Plate 1 A Parker HMI hydraulic tie-rod cylinder and proportional valve
The successful application of thermal barrier coatings (TBC) is generally recognised as being essential to the development of high efficiency gas turbines both for aero and land based use. The TBC system consists of a so-called "bond-coat" applied directly to the material to be protected and then the TBC itself is applied to the bond-coat. The bond- coat acts as a corrosion resistant layer to protect the substrate material. Corrosion resistant coatings are developed to obtain adequate corrosion resistance, but their strain tolerance is frequently not considered during the development phase. It is this aspect of their performance that often leads to their premature failure, so allowing coating cracking to occur under service conditions.
NPL is responsible for developing tests to assess and evaluate the behaviour of coatings used in gas turbines for protection against corrosion and thermal loads.
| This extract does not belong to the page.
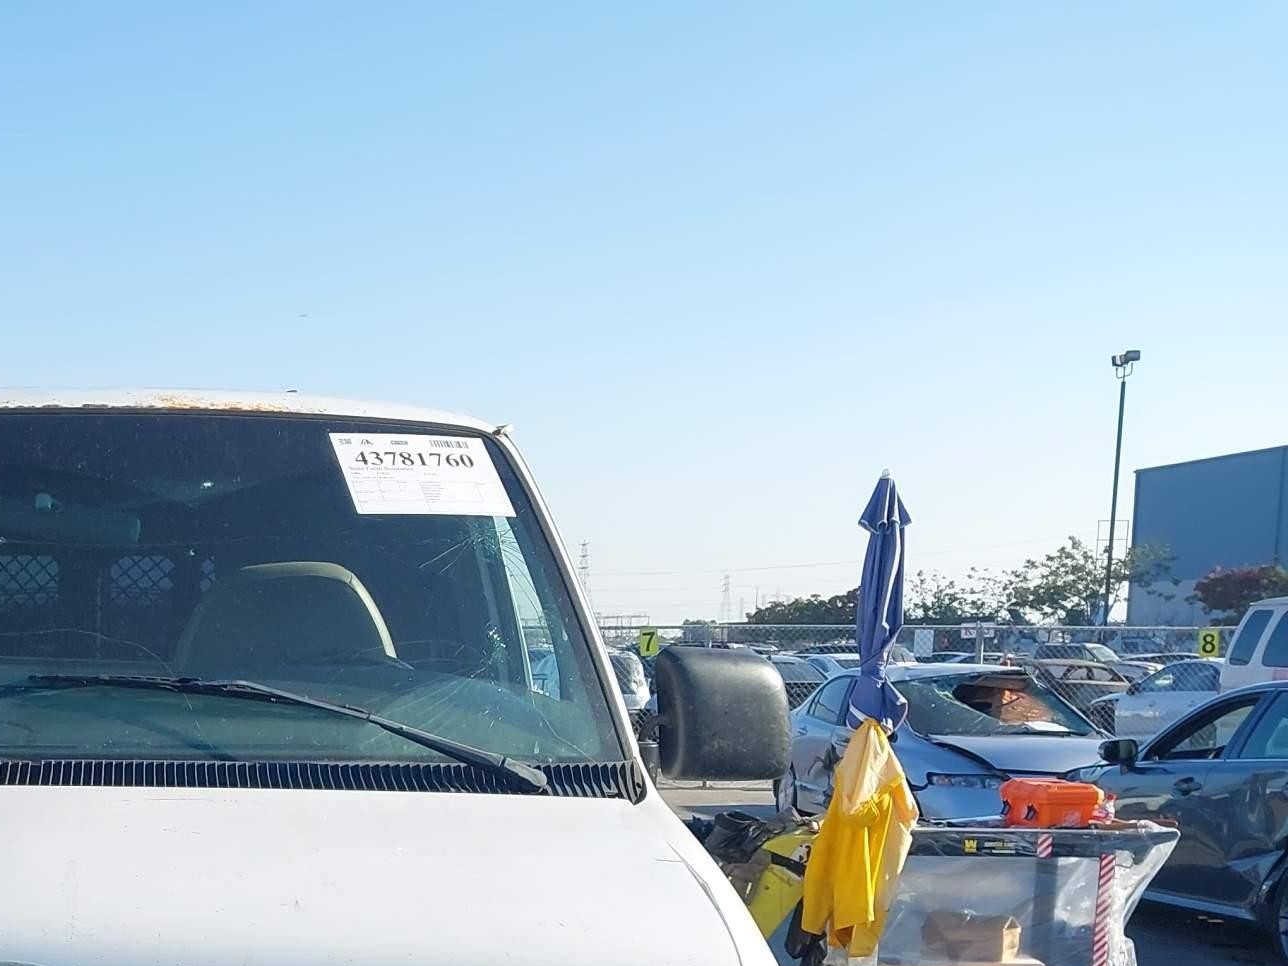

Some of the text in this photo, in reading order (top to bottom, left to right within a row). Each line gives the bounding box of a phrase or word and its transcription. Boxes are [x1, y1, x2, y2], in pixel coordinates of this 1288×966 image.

This project is part of a programme being funded by the Department of Trade and Industry under the heading, "Degradation of materials in aggressive environments".
Typically gas turbine blades are subjected to a very wide range of temperatures. For example, during heating, hot spots will be constrained by the cooler parts of the blade and thus be subject to compression. On cooling, the coating is placed into tension and cracking occurs if the critical fracture strain is exceeded.
The TMF test rig enables small samples of substrate and coating to be subjected to many thousands of cycles of applied mechanical strain (typically 90 second cycles) at temperatures up to around 1,100°C. The Parker HMI hydraulic tie-rod cylinder - with a 63mm bore and 125mm stroke - provides the mechanical force to produce precise tensile and compressive forces in the sample in order to simulate in-service conditions.
The cylinder position and movement is controlled via a Parker DIFM high response, high resolution proportional valve mounted on the cylinder. This, in turn, is controlled electronically via a Parker BD101 signal conditioning card which accepts the commands from the NPL computer programme. The hydraulic supply is from a 0.75kW electric motor driven power unit positioned adjacent to the test rig.
The HMI hydraulic cylinder, DIFM proportional valve, hydraulic power pack, electrical control system, all necessary hoses and connectors were supplied and installed at NPL by Parker Hannifin's Redhill, Surrey, based distributor, South Eastern Hydraulics.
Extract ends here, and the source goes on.